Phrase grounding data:
---------------
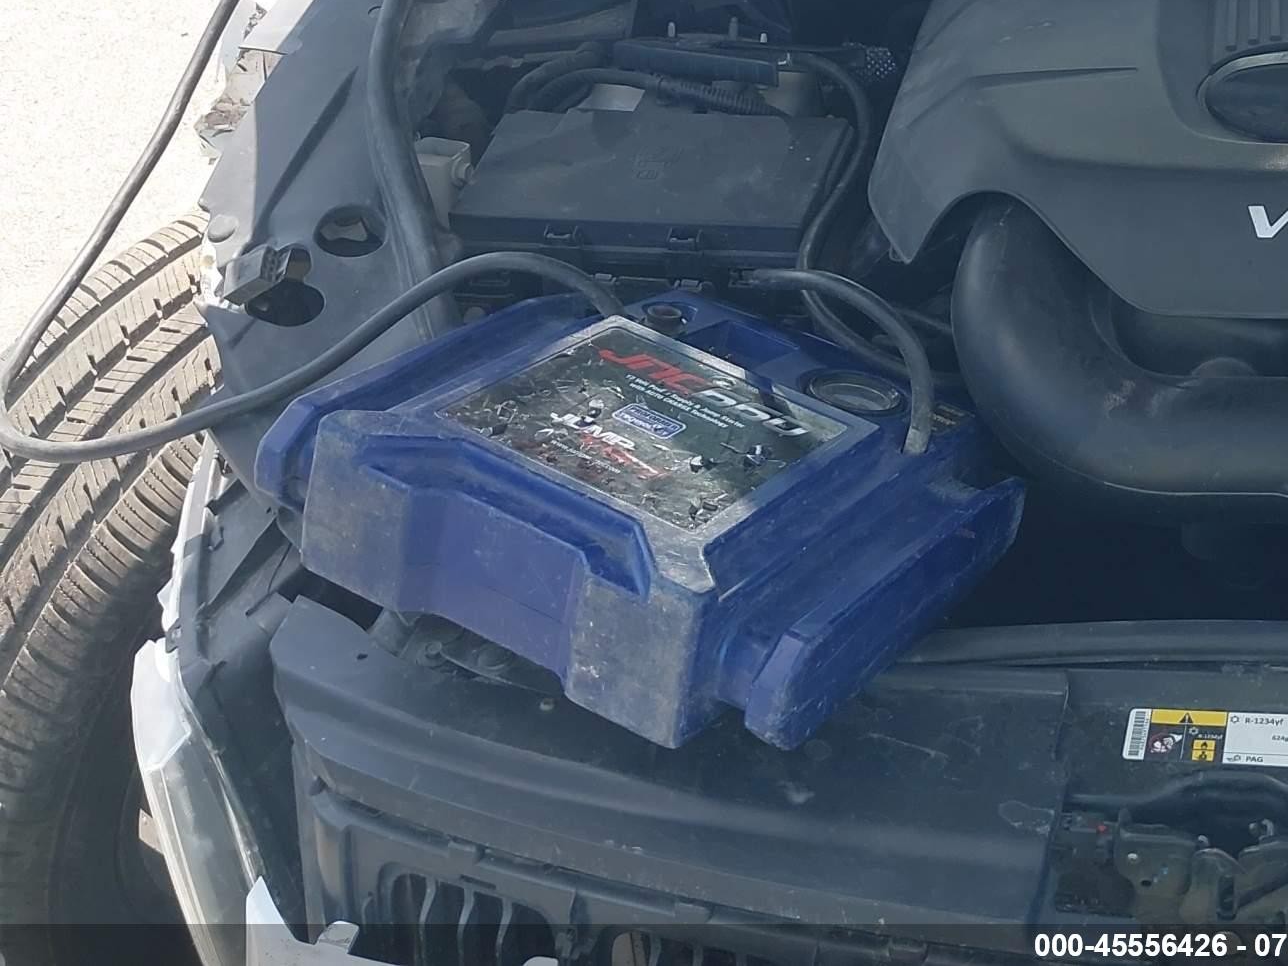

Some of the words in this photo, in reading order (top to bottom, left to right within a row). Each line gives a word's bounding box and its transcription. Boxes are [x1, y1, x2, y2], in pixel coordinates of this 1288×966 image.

[629, 383, 647, 392] with
[645, 389, 665, 400] AUTO
[662, 397, 692, 412] CHARGE
[690, 409, 729, 428] Technology
[634, 378, 650, 387] Volt
[670, 393, 695, 407] Supply
[699, 407, 721, 418] Jump
[1244, 718, 1284, 727] R-1234yf
[1245, 755, 1264, 764] PAG
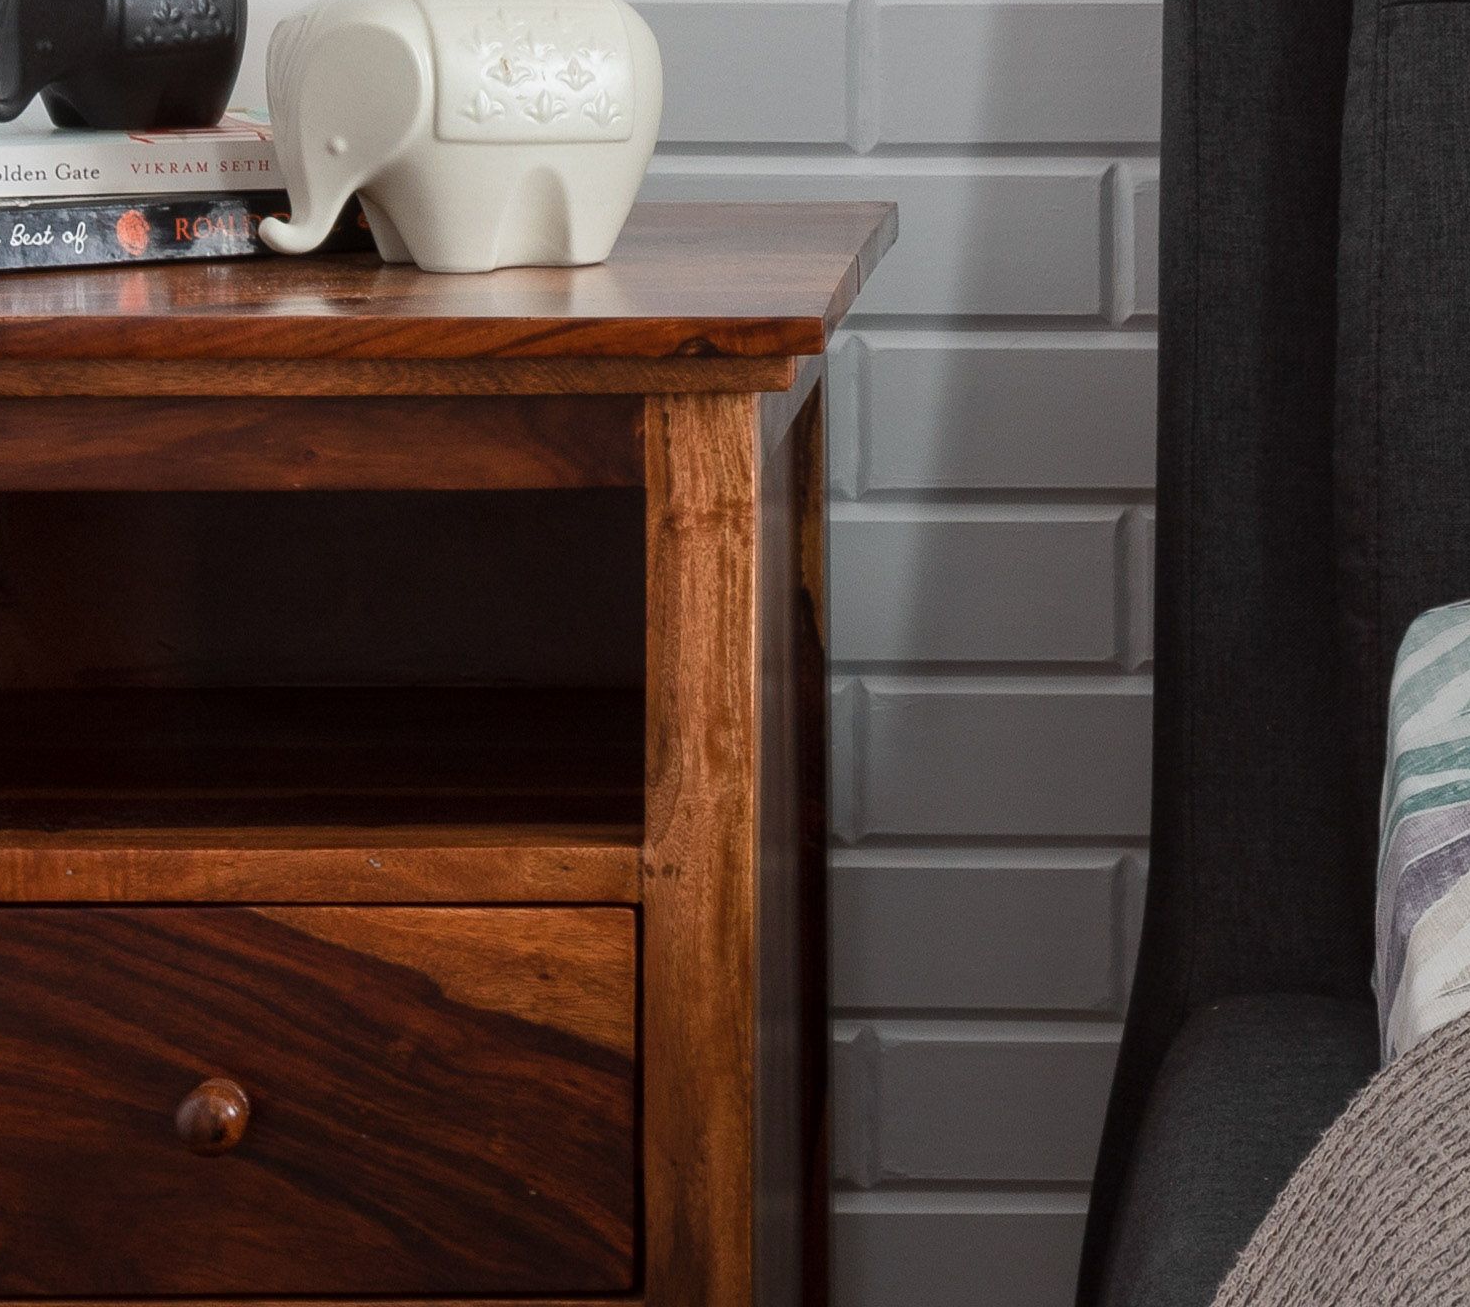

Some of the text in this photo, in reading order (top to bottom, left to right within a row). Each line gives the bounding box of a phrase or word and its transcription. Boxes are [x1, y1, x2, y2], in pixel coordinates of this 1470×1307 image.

[55, 163, 100, 180] Gate
[131, 162, 209, 174] VIKRAM
[220, 160, 270, 172] SETH
[10, 224, 54, 246] Best
[62, 221, 88, 254] of
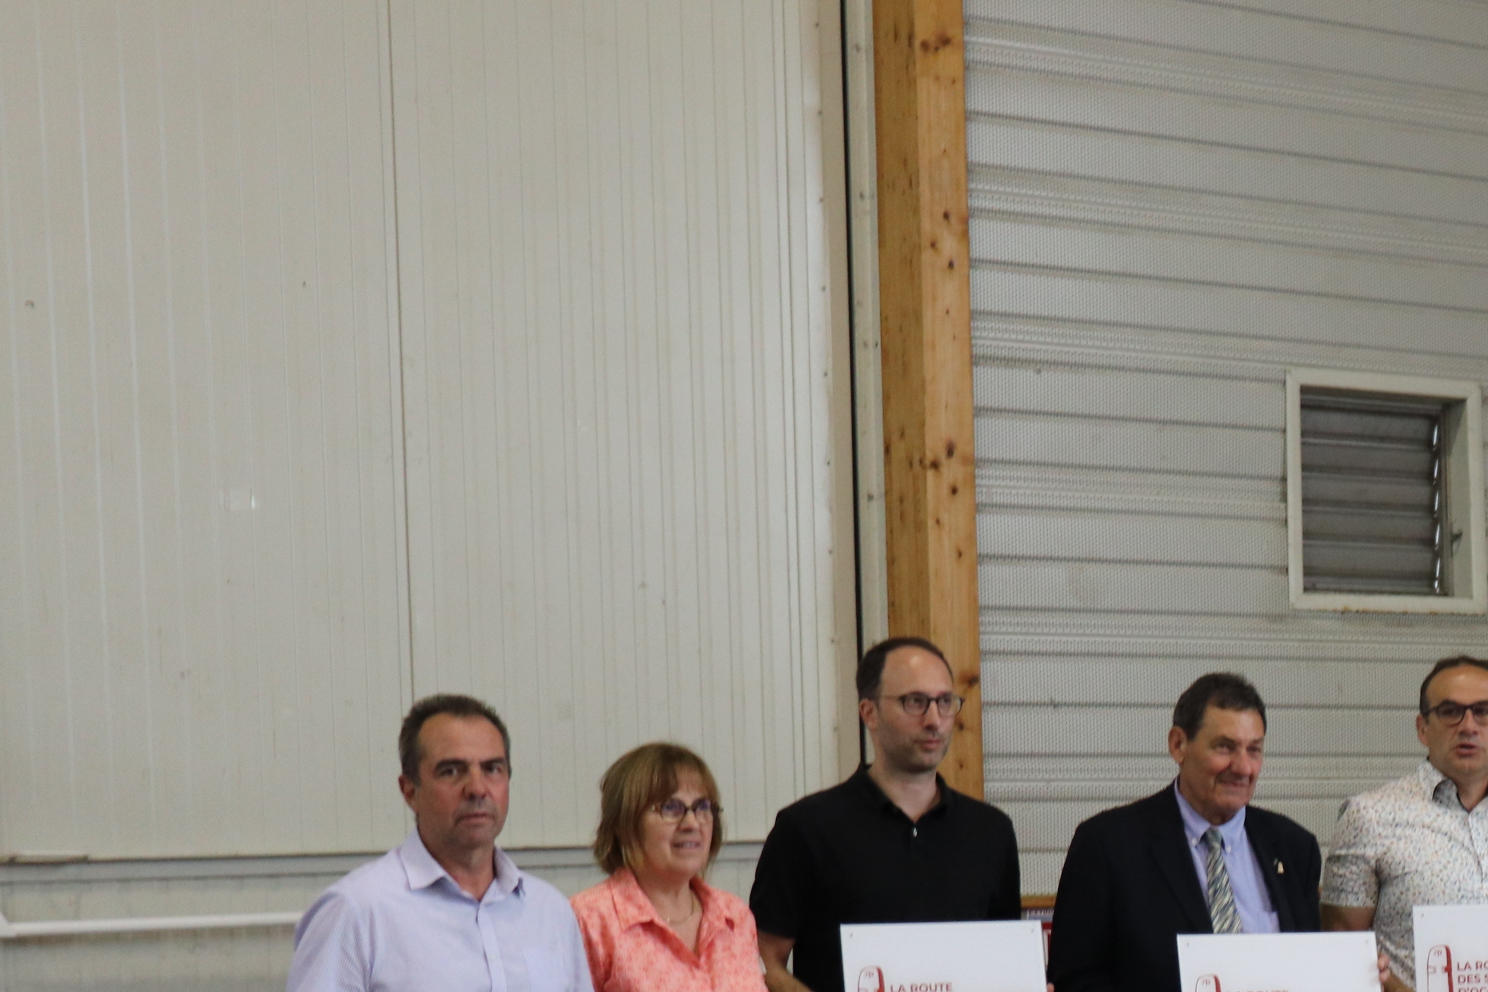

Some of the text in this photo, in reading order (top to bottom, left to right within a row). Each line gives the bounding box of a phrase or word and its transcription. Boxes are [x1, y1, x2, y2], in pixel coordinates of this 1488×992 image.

[1457, 961, 1472, 971] LA
[1458, 972, 1482, 983] DES
[910, 982, 953, 992] ROUTE
---------------
-- Exercise brief --
Every record above should come back exactly, but without its pictures.

-- Answer section --
Some of the words in this photo, in reading order (top to bottom, left to right within a row). Each line gives a word's bounding box and its transcription. Boxes are [x1, y1, x2, y2], in pixel coordinates of this 1288×966 image.

[629, 383, 647, 392] with
[645, 389, 665, 400] AUTO
[662, 397, 692, 412] CHARGE
[690, 409, 729, 428] Technology
[634, 378, 650, 387] Volt
[670, 393, 695, 407] Supply
[699, 407, 721, 418] Jump
[1244, 718, 1284, 727] R-1234yf
[1245, 755, 1264, 764] PAG

Some of the text in this photo, in reading order (top to bottom, left to right within a row). Each line gives the bounding box of a phrase or word and its transcription. Boxes are [x1, y1, x2, y2], in pixel coordinates of this 1470×1307 image.

[55, 163, 100, 180] Gate
[131, 162, 209, 174] VIKRAM
[220, 160, 270, 172] SETH
[10, 224, 54, 246] Best
[62, 221, 88, 254] of

Some of the text in this photo, in reading order (top to bottom, left to right within a row). Each line gives the bounding box of a phrase or word and its transcription. Boxes are [x1, y1, x2, y2], in pixel coordinates of this 1488×992 image.

[1457, 961, 1472, 971] LA
[1458, 972, 1482, 983] DES
[910, 982, 953, 992] ROUTE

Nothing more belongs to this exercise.